Valplantes Bio Alp Tea
is a farming co-operative for organic herb teas and medicinal plants which was established in 1987 in the French-speaking part of the Swiss Canton of Valais. Some 150 families living in Sembrancher and the surrounding mountain communities grow, gather, dry and process organic medicinal herbs in keeping with the rules and quality standards of BioSuisse, the Swiss organisation for ecological farming. In doing so, the families of farmers not only earn an important additional income; they also help to keep alive mountain communities threatened by exodus.
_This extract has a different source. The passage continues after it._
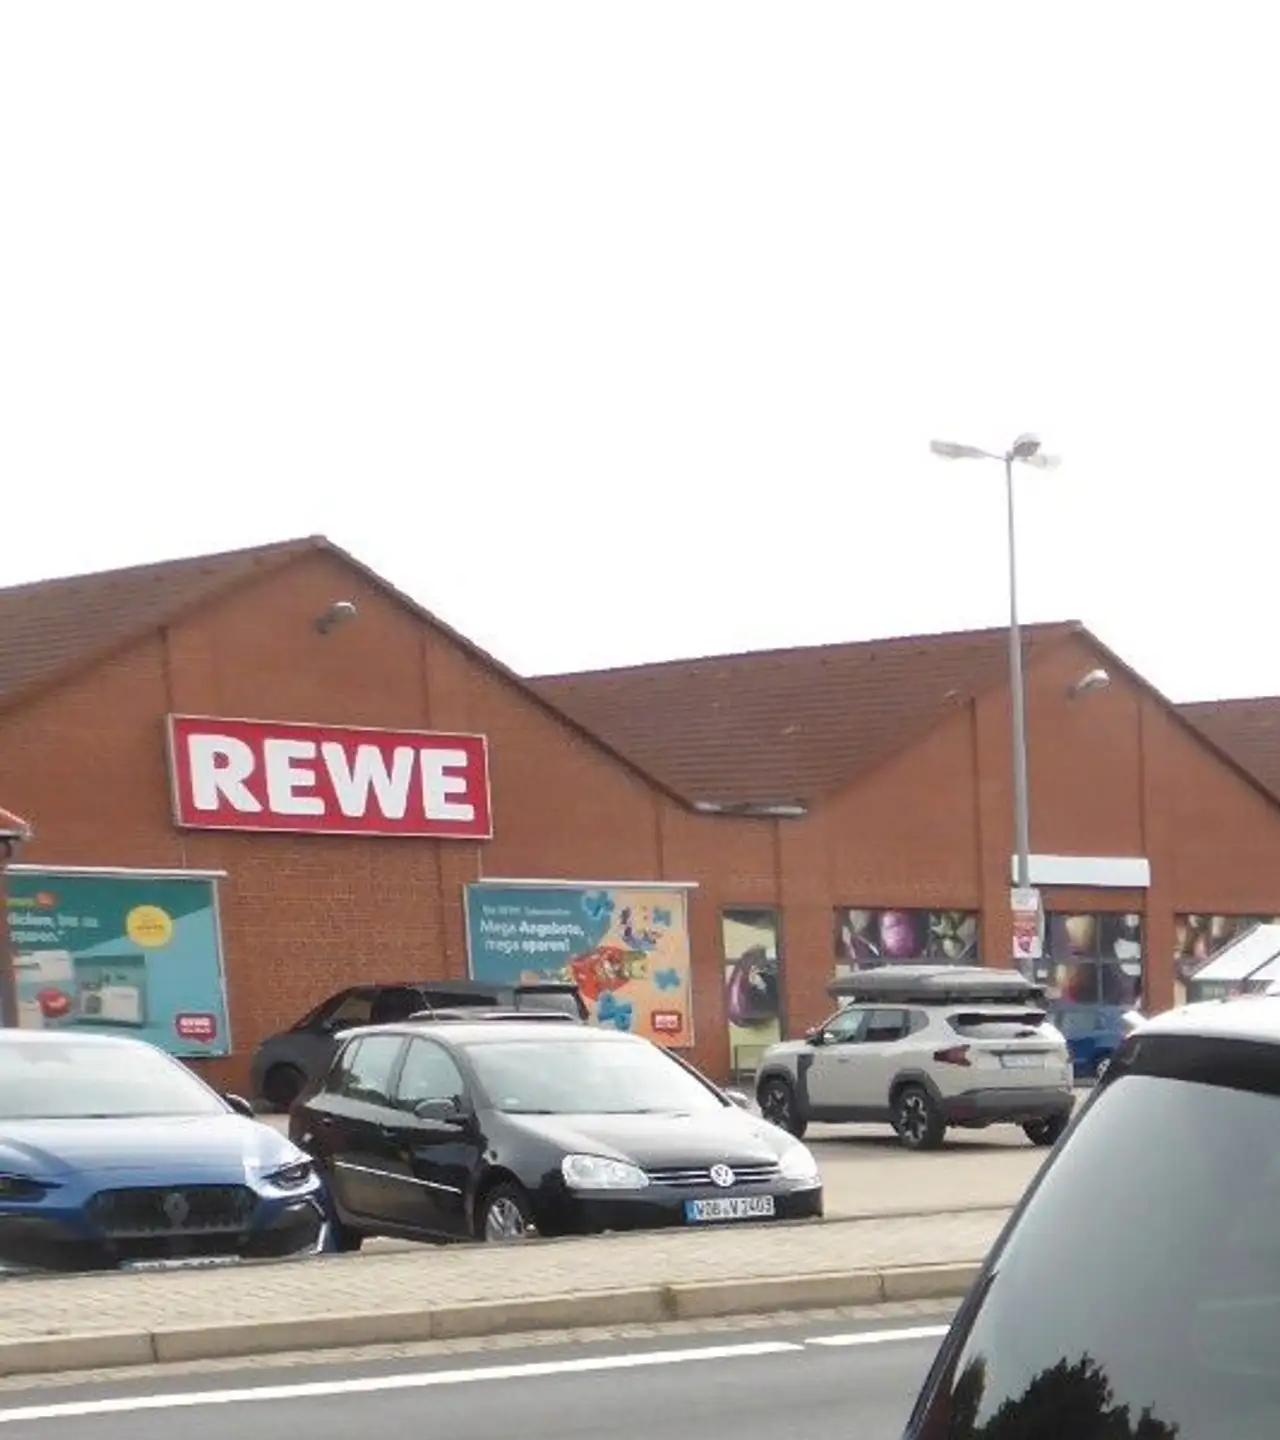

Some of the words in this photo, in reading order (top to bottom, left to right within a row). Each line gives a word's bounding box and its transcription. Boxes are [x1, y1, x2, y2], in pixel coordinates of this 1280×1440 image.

The diversity of herbs ranges from edelweiss, sage and mint to pimpinella, ribwort and thyme. With their Bio Alp Tea the growers, who are advised by the RAC research centre in Conthey Châteauneuf and the Ecole d'Ingénieurs (engineering university) of the Canton of Valais, have successfully brought to market the world’s first organic iced tea.
Sage and Thyme Help to Secure Jobs
The farmers not only earn an important additional income, but keep alive mountain communities threatened by exodus (Source: VALPLANTES).
The project has had a positive effect on the environment and the economy by preserving traditional jobs in agriculture through organic cultivation, protecting the Alps’s unique meadow flora, and attracting green tourism as a secondary effect. Five jobs have been created at the co-operative itself. At the annual meetings, large and small-scale producers have equal voting rights. The energy balance is also noteworthy. As no machinery can be used on the steep slopes, all the harvesting is done by hand. And the fact that the herbs are dried naturally means substantial savings of energy and transport costs.
The Valplantes Bio Tea co-operative is also an asset item for the regional value added. Each year, more than 100 tonnes of organic herbs are produced, harvested and marketed to large Swiss food chains. The co-operative boasts an annual turnover of up to €1.3million. It means that older family members and also women farmers unable to work off their farms because they have small children have an opportunity to earn a living – and preserve traditional know-how.